**Problem**
For each record that follows, give it back exactly, with no pictures included.

------------

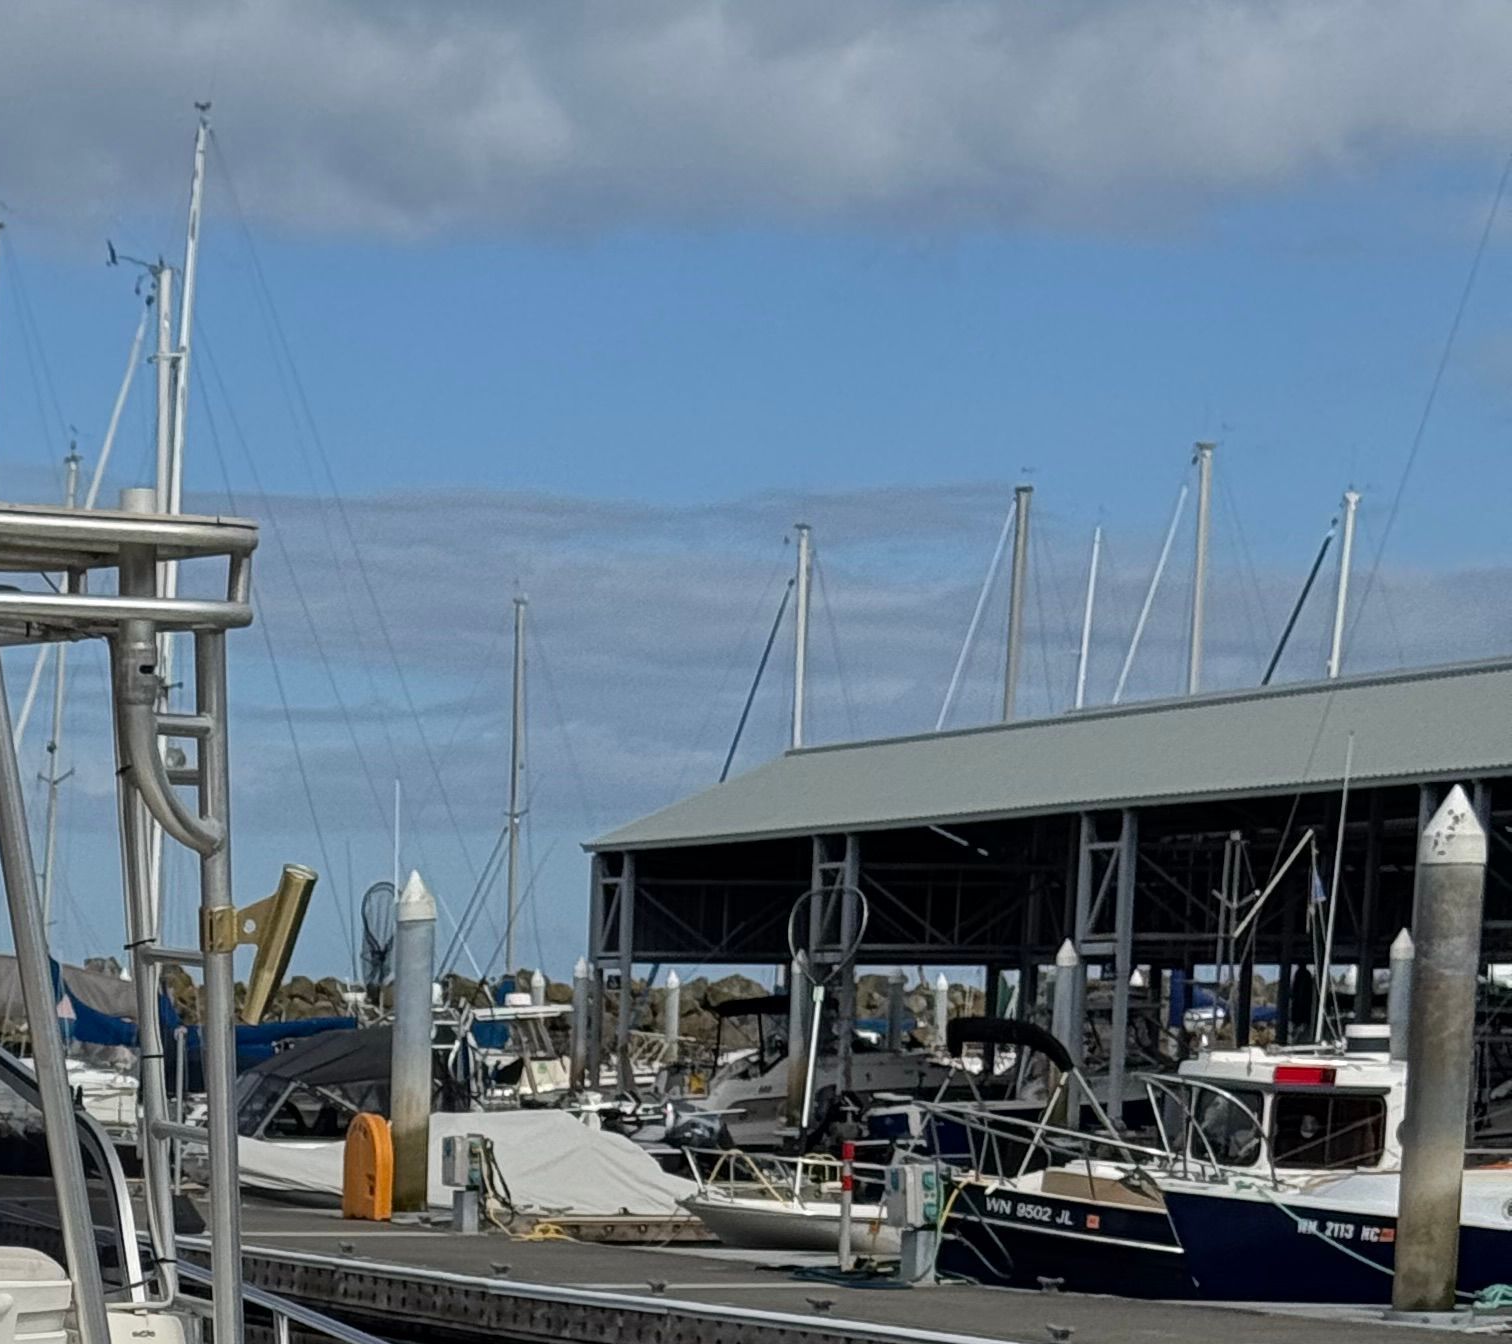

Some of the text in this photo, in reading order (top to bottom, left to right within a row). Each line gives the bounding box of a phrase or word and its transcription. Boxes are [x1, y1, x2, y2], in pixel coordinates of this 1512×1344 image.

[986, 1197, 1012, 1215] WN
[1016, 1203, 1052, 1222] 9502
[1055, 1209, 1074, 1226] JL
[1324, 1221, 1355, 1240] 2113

------------

**Solved problem**
Some of the text in this photo, in reading order (top to bottom, left to right within a row). Each line gives the bounding box of a phrase or word and its transcription. Boxes are [x1, y1, x2, y2], in pixel coordinates of this 1512×1344 image.

[986, 1197, 1012, 1215] WN
[1016, 1203, 1052, 1222] 9502
[1055, 1209, 1074, 1226] JL
[1324, 1221, 1355, 1240] 2113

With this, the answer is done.